How to retrieve the edge list from a Dict reprepresenting a tree data structure

empet · September 27, 2021, 10:00am

I’m reading a tree data structure fron a json file, and I need to retrieve the vector of
edge tuples, (parent, child), to define a LightGraphs.SimpleDiGraph and get the node positions via NetworkLayout.Buchheim layout

An old Python function, that still works and I’d like to convert to a Julia one, is defined by:

import itertools
def edgelist(d, counter = next(itertools.count())):
    #d is the dictionary read from  the jsonfile
   
    d["name"] = counter() if d["name"] is None else d["name"]
   
    if "children" in d:
        for child in d["children"]:      
            if child:
                child["name"] = counter() if child["name"] is None else child["name"]
                yield (d["name"], child["name"])
                
        for child in d["children"]:
            if child:
                for node in edgelist(child, counter):
                    yield node

Since there isn’t an equivalent for next to get the next element in Julia Iterators.countfrom(), only using for..., as well as no yield correspondent, I cannot figure out how could I get the tree edges in a Julian way.

LE. An example of tree_dict:

dtree = Dict("name"=> "A",
        "children"=>[Dict("name"=>"B",
                     "children"=> [Dict("name"=>"B1", 
                                   "children"=>[Dict("name"=> "B11",
                                                "children"=> [Dict("name"=> "B111")]),
                                               Dict("name"=>"B12"), 
                                               Dict("name"=>"B13")]),
                                  Dict("name"=> "B2",
                                   "children"=> [Dict("name"=>"B21"),
                                                Dict("name"=>"B22")])]
                    ),
                    Dict("name"=>"C",
                     "children"=> [Dict("name"=>"C1", 
                                   "children"=>[Dict("name"=> "C11"), 
                                               Dict("name"=>"C12", "children"=> [Dict("name"=> "C121")]), 
                                               Dict("name"=>"C13")]),
                                  Dict("name"=> "C2",
                                   "children"=> [Dict("name"=>"C21"),
                                                Dict("name"=>"C22")])]
                    )
                 ]);

Vasily_Pisarev · September 27, 2021, 1:08pm

As far as I understand, the Python version in essence defines the iteration over the edges.
If you’re OK with eager evaluation, just define edges = [] at the top of the function and replace yield x by push!(edges, x).

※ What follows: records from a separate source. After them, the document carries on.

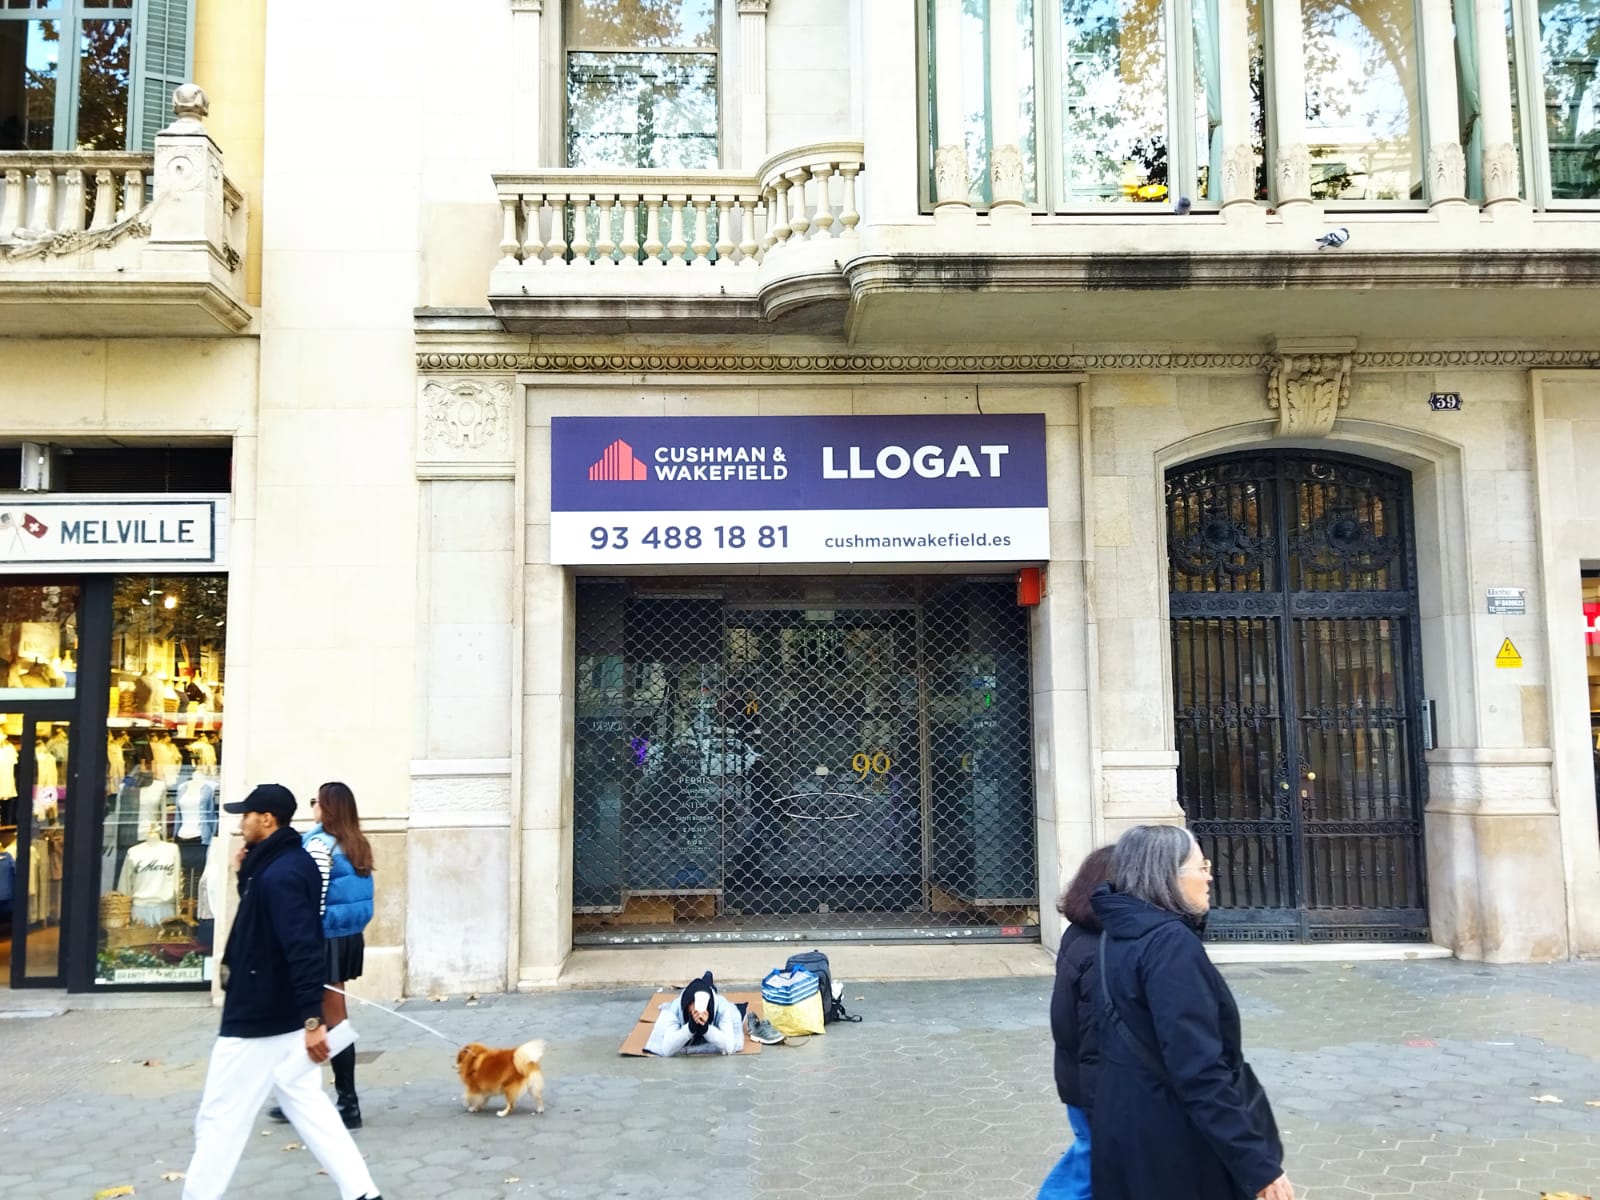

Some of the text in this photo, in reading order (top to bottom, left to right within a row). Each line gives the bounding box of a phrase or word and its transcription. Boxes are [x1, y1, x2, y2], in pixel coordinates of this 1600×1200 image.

[1436, 394, 1456, 409] 39
[654, 446, 787, 463] CUSHMAN &
[822, 445, 1009, 479] LLOGAT
[654, 465, 788, 481] WAKEFIELD
[60, 520, 194, 544] MELVILLE
[590, 525, 788, 549] 93 488 18 81
[825, 533, 1011, 548] cushmanwakefield.es

For a replacement of itertools.count, you may create a custom callable struct:

mutable struct Counter{T<:Integer}
    start::T
end

Counter() = Counter(0)

function (cnt::Counter)()
    current = cnt.start
    cnt.start += 1
    return current
end

sijo · September 27, 2021, 1:08pm

An unreadable one-liner:

edgelist(d) = vcat(([(d["name"], child["name"]); edgelist(child)...] for child in get(d, "children", ()))...)

More readable:

function edgelist(d; list=NTuple{2,String}[])
    for child in get(d, "children", ())
        push!(list, (d["name"], child["name"]))
        edgelist(child; list)
    end
    return list
end

(you might want to add checks for edge cases as in the Python version)

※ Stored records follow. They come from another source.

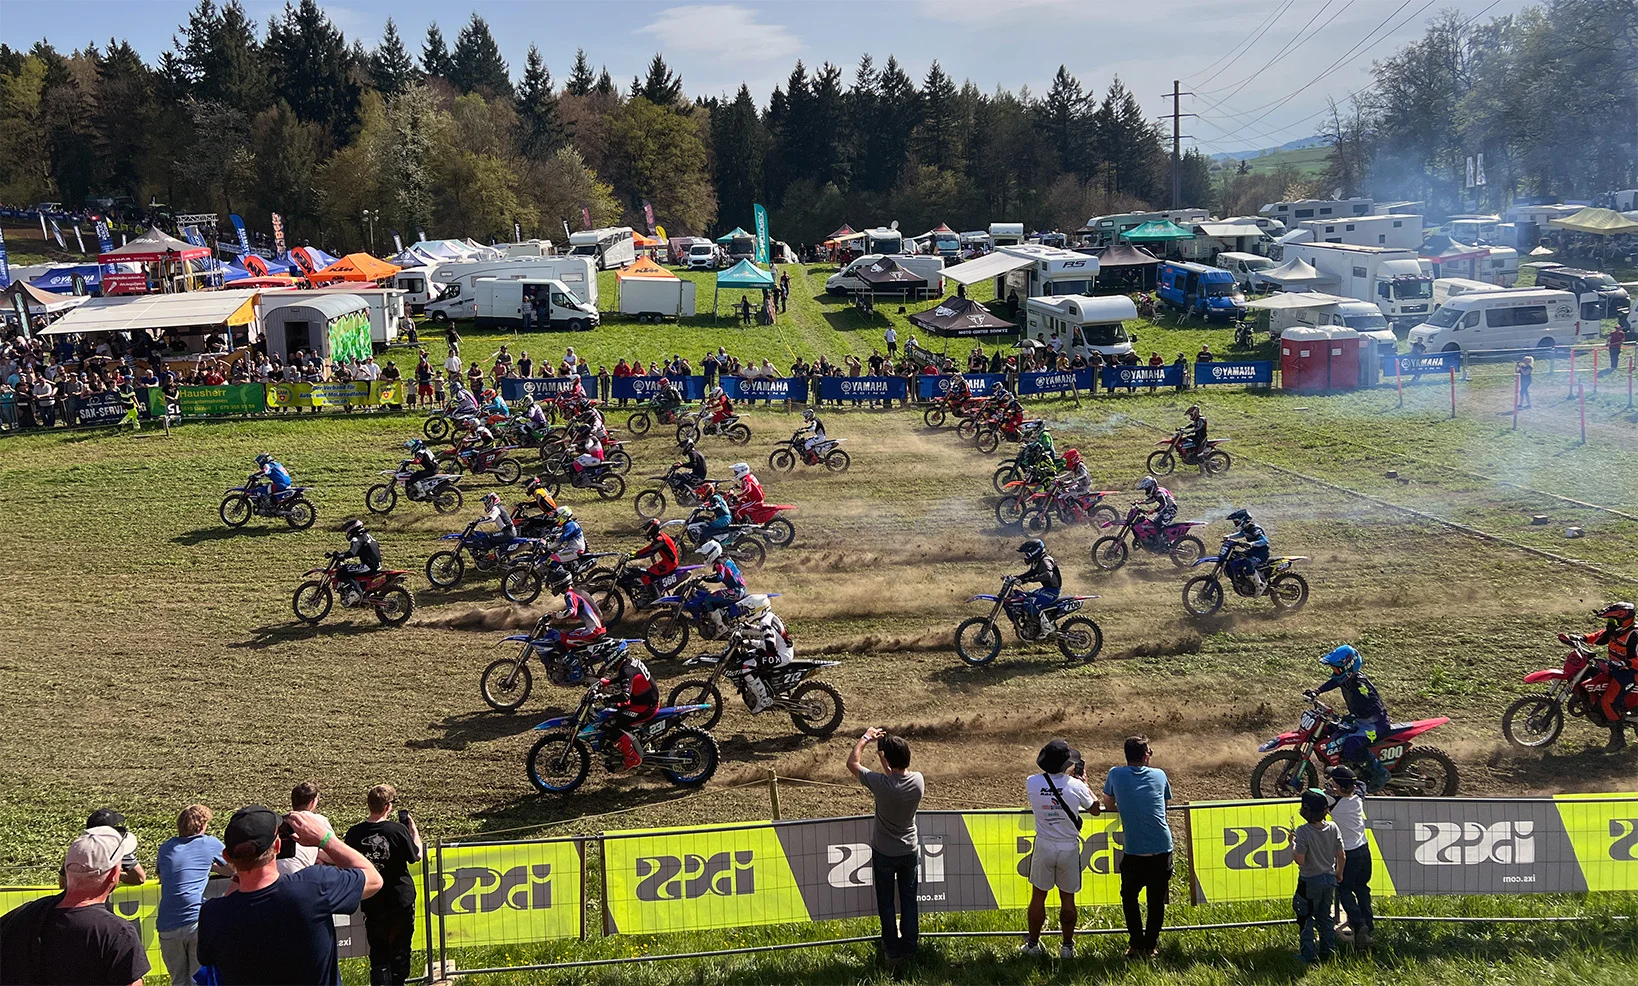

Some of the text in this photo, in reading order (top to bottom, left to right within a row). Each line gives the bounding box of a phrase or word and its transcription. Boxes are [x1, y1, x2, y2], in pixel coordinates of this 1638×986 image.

[1062, 260, 1087, 269] RS
[60, 274, 95, 283] YAHA
[1410, 357, 1443, 367] YAMAHA
[1131, 369, 1165, 379] YAMAHA
[1222, 366, 1256, 376] YAMAHA
[950, 379, 986, 389] YAHA
[1045, 373, 1077, 385] YAMAHA
[645, 380, 684, 391] YAHA
[752, 381, 789, 392] YAMAHA
[852, 381, 888, 391] YAMAHA
[180, 388, 227, 398] Hausherr
[661, 574, 677, 588] 566
[762, 656, 782, 665] FOX
[649, 720, 666, 735] 231
[1379, 745, 1403, 762] 300

empet · September 27, 2021, 1:30pm

@sudete Thank you very much!! I like this one

edgelist(d) = vcat(([(d["name"], child["name"]); edgelist(child)...] for child in get(d, "children", ()))...)

sijo · September 27, 2021, 2:44pm

Here are some nicer ones I think

An iterator over the edges (call collect on the result to get a vector):

using .Iterators: flatten

edges(d) = flatten(flatten([((d["name"], c["name"]),), edges(c)]) for c in get(d, "children", ()))

Splitting the problem in independent parts:

children(n) = get(n, "children", Dict{String,Any}())

# An iterator over the nodes (each node is a Dict)
nodes(d) = flatten([(d,), flatten(nodes(c) for c in children(d))])

# Get the edges of each node and concatenate them
mapreduce(n->[(n["name"], c["name"]) for c in children(n)], vcat, nodes(dtree))

empet · September 27, 2021, 4:29pm

I really appreciated your first solution and smiled because I was excited it was a Julian one. So there was no need for a detailed version. But thank you for it.

sijo · September 27, 2021, 5:56pm

Ah note that the detailed solution was not meant as an explanation, I wanted to show it because I think it’s the best solution: more readable, and more useful since the children and nodes functions can also be used to solve other tasks.